◆ **WHAT YOU ARE ASKED TO DO**
Reproduce the listing in full. Omit the pictures.

◆ **INPUT RECORDS**
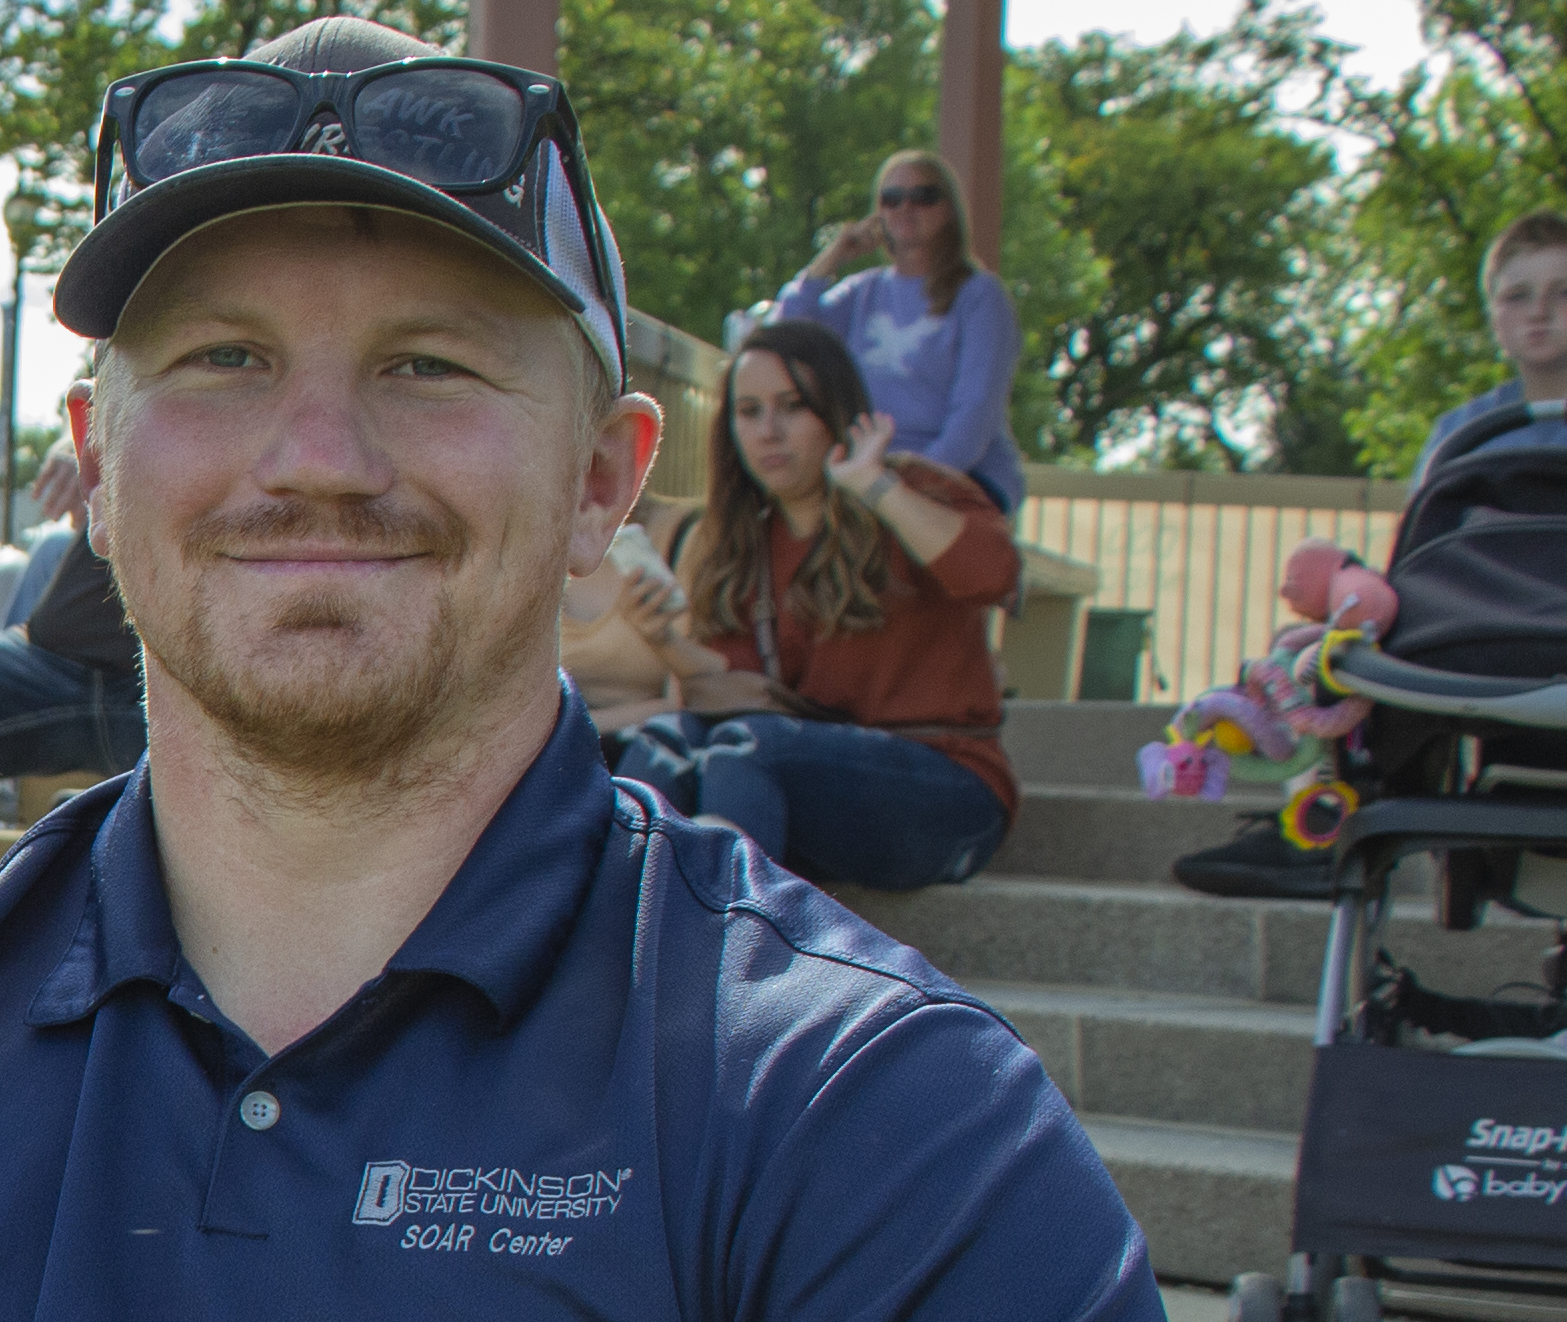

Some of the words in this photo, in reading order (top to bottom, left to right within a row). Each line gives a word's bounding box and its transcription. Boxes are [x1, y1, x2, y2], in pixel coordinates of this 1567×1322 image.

[404, 1193, 475, 1214] STATE
[480, 1194, 623, 1220] UNIVERSITY
[401, 1222, 475, 1252] SOAR
[489, 1227, 574, 1256] Center

◆ **RESULT OF THE TASK**
Some of the words in this photo, in reading order (top to bottom, left to right within a row). Each line gives a word's bounding box and its transcription. Boxes are [x1, y1, x2, y2], in pixel coordinates of this 1567×1322 image.

[404, 1193, 475, 1214] STATE
[480, 1194, 623, 1220] UNIVERSITY
[401, 1222, 475, 1252] SOAR
[489, 1227, 574, 1256] Center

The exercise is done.